Dichomeris mochlopis

Scientific classification
- Kingdom: Animalia
- Phylum: Arthropoda
- Class: Insecta
- Order: Lepidoptera
- Family: Gelechiidae
- Genus: Dichomeris
- Species: D. mochlopis
- Binomial name: Dichomeris mochlopis (Meyrick, 1923)
- Synonyms: Cymotricha mochlopis Meyrick, 1923;

= Dichomeris mochlopis =

- Authority: (Meyrick, 1923)
- Synonyms: Cymotricha mochlopis Meyrick, 1923

Species of moth

Dichomeris mochlopis is a moth in the family Gelechiidae. It was described by Edward Meyrick in 1923. It is found in Amazonas, Brazil.
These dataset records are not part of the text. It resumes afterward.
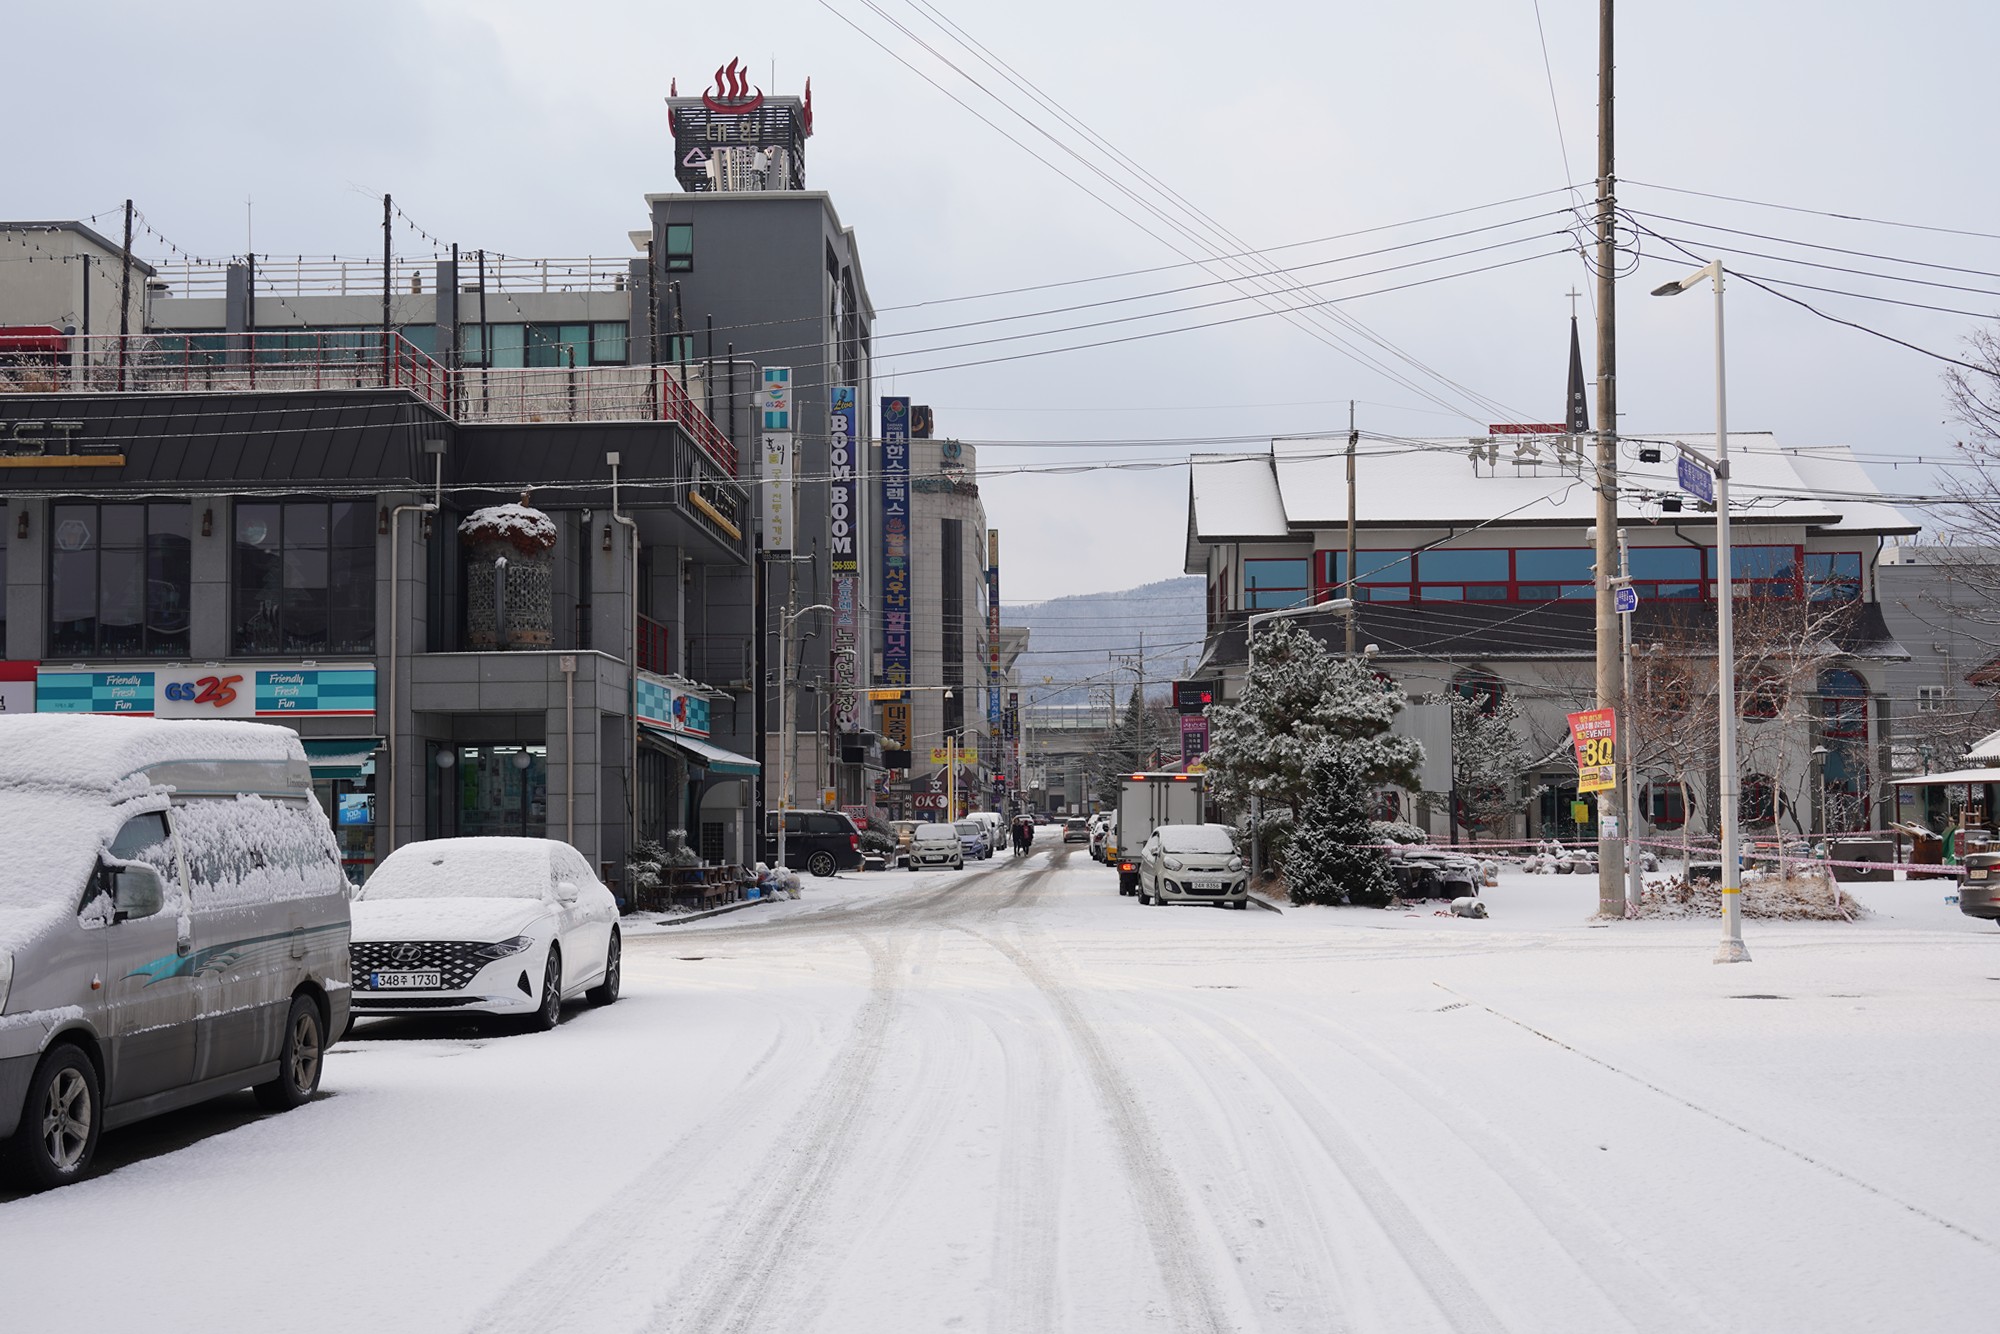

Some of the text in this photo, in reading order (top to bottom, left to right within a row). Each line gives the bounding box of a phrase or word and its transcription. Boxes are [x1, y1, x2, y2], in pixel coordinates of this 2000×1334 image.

[833, 399, 854, 411] Live
[0, 421, 84, 456] ST
[830, 414, 851, 482] BOOM
[886, 431, 905, 515] 대한스포렉스
[831, 486, 852, 554] BOOM
[886, 569, 907, 607] 사우나
[835, 628, 856, 712] 노래연습장
[106, 675, 141, 687] Friendly
[269, 673, 304, 685] Friendly
[111, 687, 136, 698] Fresh
[165, 675, 243, 708] GS25
[274, 685, 299, 697] Fresh
[114, 700, 132, 710] Fun
[278, 699, 296, 709] Fun
[915, 795, 935, 807] OK
[411, 975, 438, 986] 1730
The wingspan is about 13 mm. The forewings are grey with an obscure dark fuscous dot in the disc at one-fourth. The stigmata are dark fuscous, the first discal forming a strong oblique mark, the second a transverse crescentic mark, the plical spot is a dot beneath the first discal. There is an obscure ochreous-whitish slightly curved and waved subterminal line, posteriorly edged with darker suffusion. There is also a marginal series of blackish crescentic dots around the apex and termen. The hindwings are dark grey.